El desconcierto en la enfermería es grande y nadie se atreve a operar, sin el instrumental adecuado. Tampoco logran estabilizarlo. Se impone la “retirada” y una ambulancia traslada al diestro a Córdoba, setenta y siete kilómetros de curvas. Poco antes de llegar a Cerro Muariano, célebre por su cuartel, en las afueras de la capital, logran reanimar a Paquirri tras una primera parada cardiorespiratoria. Alcanzan el hospital militar pero a los diez minutos, expira. Radio Nacional de España avanza la noticia, que pilla a Isabel Pantoja camino de Córdoba. Esa semana tenían pasajes de avión para disfrutar de las playas de Venezuela, en cuyas plazas era un ídolo.
“Fuimos vilipendiados cuando hicimos todo y más de lo que podíamos hacer”, señalaba hace diez años a este diario el alcalde de Pozoblanco, Pablo Carrillo. Sucede en Dallas aún hoy, como si sus habitantes hubiesen tenido la culpa de que un francotirador asesinase allí al presidente Kennedy en 1963. Pozoblanco, sí, parecía culpable de no disponer de un hospital, una reivindicación que quienes más sufrían eran los “tarugos”, el apodo -¡cariñoso!- de los habitantes de Pozoblanco porque de la villa partía la madera -los tarugos- para las minas de Ciudad Real.
Dos días más tarde, Sevilla fue el escenario de un funeral barroco, desmedido y multitudinario por sus calles y avenidas en el que los miles de acompañantes del féretro se empeñaron en darle una última vuelta al ruedo en la Real Maestranza, en contra del deseo de la viuda. “El entierro fue una repetición fuera de su tiempo de los dramas románticos. Paquirri y Pantoja representaban un mundo poco urbano, de referencias telúricas”, recuerda José Rodríguez de la Borbolla presidente de la Junta de Andalucía aquel 1984. Una ópera decimonónica en la ciudad del mundo, Sevilla, que aparece en más obras operísticas (dicen que 105).
Yiyo murió corneado un año más tarde y en 1988 mataron a tiros al ganadero Bandrés
En un banco discreto en la iglesia de San Miguel de Sevilla, el joven José Cubero, 20 añitos, despedía al maestro con el que compartió la tarde de Pozoblanco. Yiyo, su apodo profesional, prometía mucho: puertas grandes en Madrid, su ciudad aunque naciese en Burdeos, hijo de inmigrantes. Educado, discreto, con un traje gris franela que denotaba la improvisación de la compra. Al año siguiente, en plena gran temporada, suena el teléfono de su apoderado. “Hay una vacante mañana en Colmenar Viejo, Curro Romero se ha caído del cartel. ¿Aceptáis la sustitución?”. Estupendo. Cerca de casa. Además, a Curro Romero nunca le “echaban” toros de mala reputación. El sexto de la tarde, Avispado, del hierro de Marcos Núñez, le permitió el lucimiento. Acertó con la espada y, anticipando las dos orejas, hizo el gesto del triunfo, brazos en aalto.
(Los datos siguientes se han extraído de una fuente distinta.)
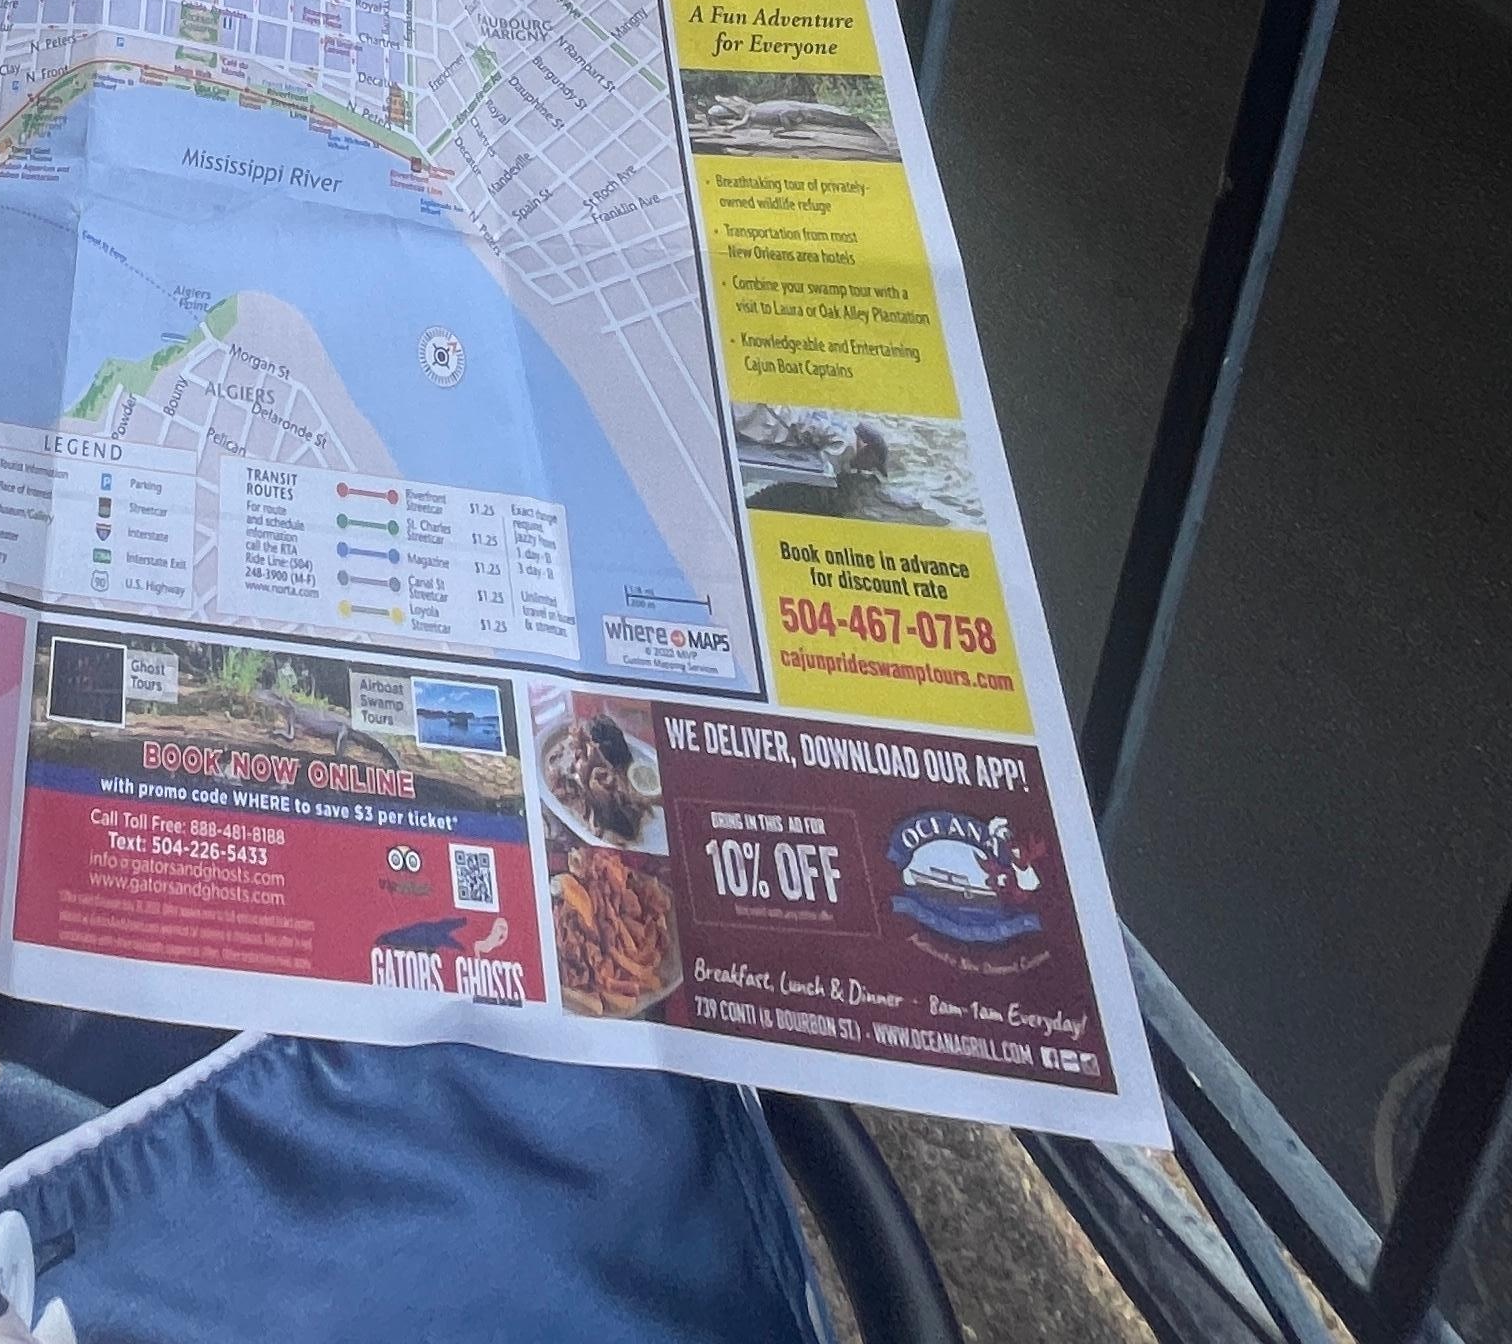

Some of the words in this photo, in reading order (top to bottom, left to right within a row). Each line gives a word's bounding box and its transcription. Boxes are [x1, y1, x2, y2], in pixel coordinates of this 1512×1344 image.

[688, 5, 703, 24] A
[710, 6, 747, 25] Fun
[753, 8, 854, 29] Adventure
[712, 31, 743, 57] for
[749, 35, 838, 60] Everyone
[182, 147, 284, 183] Mississippi
[289, 167, 343, 193] River
[205, 381, 276, 405] ALGIERS
[44, 434, 123, 461] LEGEND
[246, 466, 298, 487] TRANSIT
[246, 483, 295, 501] ROUTES
[780, 540, 819, 562] Book
[825, 547, 876, 569] online
[880, 551, 895, 572] in
[901, 555, 970, 579] advance
[810, 567, 833, 587] for
[838, 571, 910, 597] discount
[914, 581, 948, 600] rate
[604, 615, 668, 645] where
[688, 624, 730, 653] MAPS
[779, 597, 997, 656] 504-467-0758
[130, 658, 167, 679] Ghost
[130, 675, 163, 693] Tours
[780, 647, 1015, 693] cajunprideswamptours.com
[359, 677, 405, 696] Airboat
[360, 693, 404, 712] Swamp
[360, 711, 394, 727] Tours
[142, 740, 221, 775] BOOK
[230, 751, 300, 786] NOW
[307, 763, 416, 800] ONLINE
[663, 716, 701, 753] WE
[704, 720, 797, 769] DELIVER,
[800, 733, 921, 782] DOWNLOAD
[924, 748, 972, 787] OUR
[976, 755, 1030, 794] APP!
[100, 776, 134, 795] with
[139, 780, 187, 802] promo
[191, 785, 228, 805] code
[232, 789, 292, 813] WHERE
[295, 798, 311, 815] to
[315, 803, 350, 819] save
[355, 805, 374, 823] $3
[378, 808, 403, 828] per
[107, 831, 147, 854] Text:
[151, 835, 269, 867] 504-226-5433
[705, 839, 770, 900] 10%
[774, 842, 842, 905] OFF
[370, 946, 444, 993] GATORS
[454, 956, 525, 1003] GHOSTS
El toro, aunque herido de muerte, se arrancó y asestó una cornada certera, que le partió el corazón. Tenía 21 años. Entró sin vida en la enfermería de Colmenar Viejo y tiene hoy una estatua frente a la plaza de Las Ventas de Madrid.
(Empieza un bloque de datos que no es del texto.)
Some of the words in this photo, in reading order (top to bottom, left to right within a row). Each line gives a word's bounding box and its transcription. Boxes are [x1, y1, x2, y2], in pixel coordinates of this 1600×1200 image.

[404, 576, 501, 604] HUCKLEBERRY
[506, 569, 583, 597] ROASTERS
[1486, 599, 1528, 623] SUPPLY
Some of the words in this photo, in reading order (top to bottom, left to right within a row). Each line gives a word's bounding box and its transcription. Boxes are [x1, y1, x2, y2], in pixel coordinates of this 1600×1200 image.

El mal fario persiguió también a Vicente Ruiz “El Soro”, tercer espada de la terna. Percances, lesiones le acarrearon graves dolencias en las rodillas y un andar renqueante cuando no en silla de ruedas. Hombre estimado, todo corazón, ídolo en Valencia, se diría que la fatalidad ha rozado su vida. Y más cuando en 1988, un empleado de la naviera Isnasa entró en el despacho del consejero y director general, Luis Bandrés, y le mató con tres disparos del calibre 22 a una semana de la Navidad. Tenía 41 años. Su ganadería fue vendida años más tarde. Todos estuvieron en la plaza de Pozoblanco aquel 26 de septiembre de 1984.